Case Presentation:

This is a 37–year–old African American man with history of type 2 diabetes mellitus, scleroderma complicated by esophageal dysmotility requiring total parental nutrition and Raynaud’s phenomenon, who was admitted to the hospital for fevers and found to have coagulase–negative staphylococci bacteremia from an indwelling Hickman catheter. The patient had been receiving 40 units of regular insulin in his TPN for the past couple of years, but both the TPN and insulin were held at the time of admission and the patient was maintained on dextrose 5% in 0.45% normal saline and an oral diet as tolerated. The patient defervesced on antibiotics after the first 24 h in the hospital and was clinically improving, but on the second hospital day he was noted to have a fingerstick blood sugar value of 33mg/dL; he was asymptomatic at the time and was treated with dextrose. Subsequent fingerstick blood sugar values were within normal limits that day. On his third hospital day he had a fingerstick blood sugar < 20 and was again completely asymptomatic. This was confirmed on different glucometers with readings of 34 and 25, and the patient was administered orange juice and dextrose without change in his clinical condition. Simultaneous serum glucoses were obtained via peripheral blood draw during the low glucometer readings and returned at 74 and 107 mg/dL. The patient reported that he was having a Raynaud’s attack during the episode; he was otherwise asymptomatic. After consultation with the endocrine service a diagnosis of pseudohypoglycemia secondary to Raynaud’s phenomenon was made.

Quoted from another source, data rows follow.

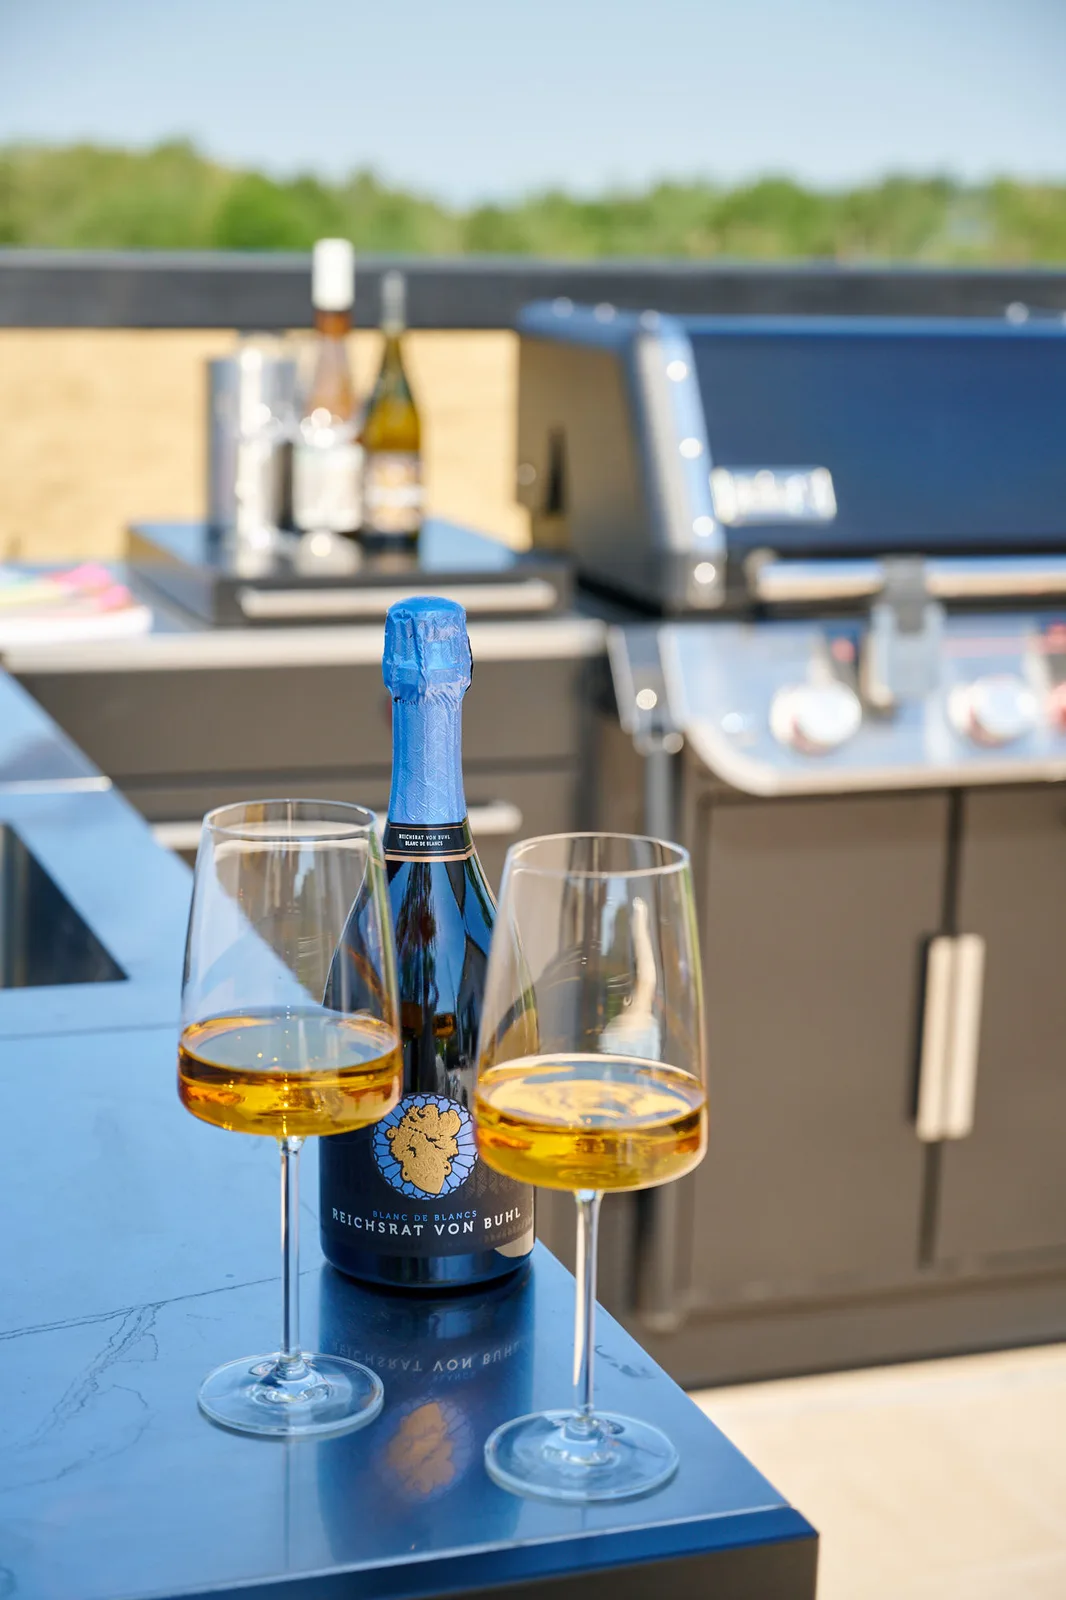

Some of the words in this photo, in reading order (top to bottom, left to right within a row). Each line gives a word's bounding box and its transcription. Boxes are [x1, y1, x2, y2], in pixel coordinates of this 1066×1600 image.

[332, 1207, 424, 1236] REICHSRAT
[434, 1220, 474, 1236] VON
[483, 1207, 521, 1229] BUHL
[373, 1210, 408, 1221] BLANC
[414, 1214, 428, 1222] DE
[434, 1210, 477, 1222] BLANCS
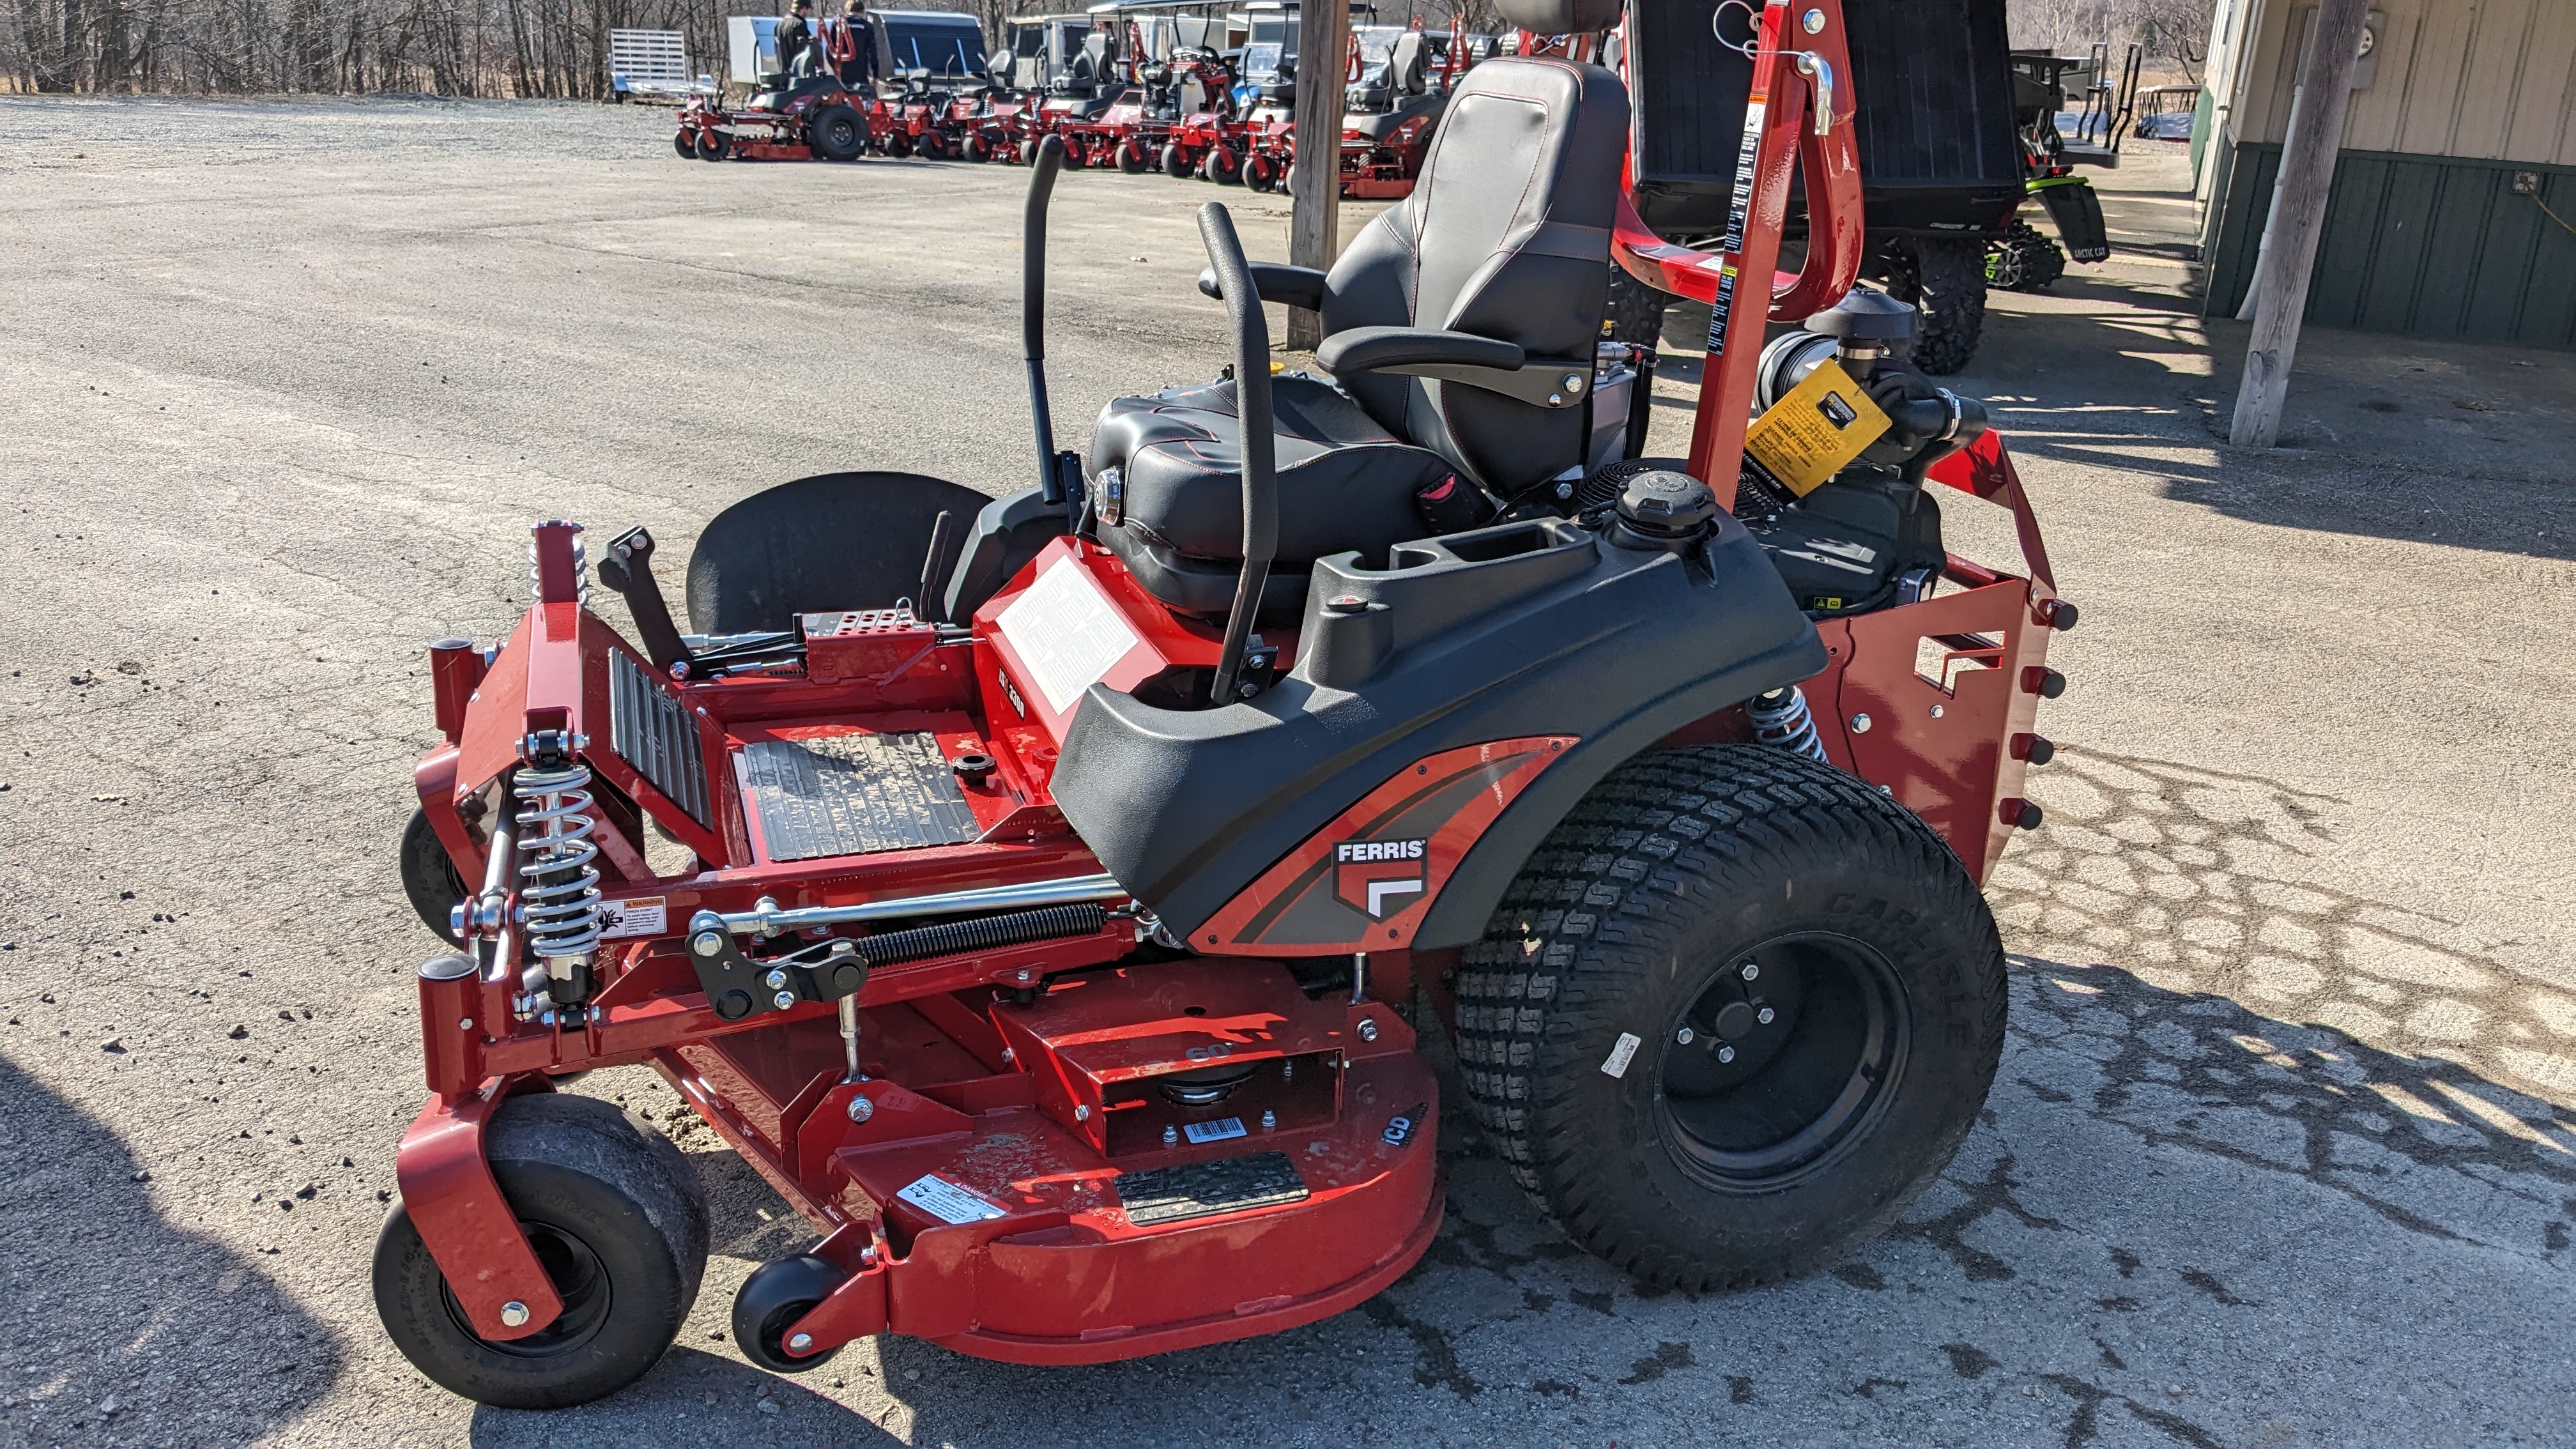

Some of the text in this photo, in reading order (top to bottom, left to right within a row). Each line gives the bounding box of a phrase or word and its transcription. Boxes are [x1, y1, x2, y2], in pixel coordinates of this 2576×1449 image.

[2095, 247, 2106, 257] CAT
[1009, 684, 1024, 718] 3300
[1338, 840, 1423, 862] FERRIS
[1828, 893, 1970, 1046] CARLISLE
[1381, 1117, 1410, 1146] iCD
[960, 1184, 988, 1200] DANGER

This patient demonstrates a case of pseudohypoglycemia, likely secondary to Raynaud’s phenomenon. True hypoglycemic episodes are generally characterized by Whipple’s triad: typical symptoms of hypoglycemia with a low plasma glucose measured at the time of the symptoms and relief of these symptoms when the glucose is raised to normal; none of these criteria were present in this patient. Pseudohypoglycemia associated with Raynaud’s phenomenon has been previously reported and is thought to be due to a prolonged glucose transit time secondary to the constriction of microcirculation during a Raynaud’s attack and a subsequently greater than usual extraction of glucose into the peripheral tissues (Endocrine Practice 2008;14(3):337–339). It has also been reported in patients with peripheral vascular disease and shock. For this patient it was recommended that a new glucometer based on forearm sticks be used for a more accurate assessment of blood glucose levels and to avoid fingersticks when he was having symptoms of Raynaud’s. Conclusions: The purpose of reporting this case is to increase general awareness of the potential limitations of fingerstick blood glucose measurements in patients with impaired microcirculation such as Raynaud’s phenomenon.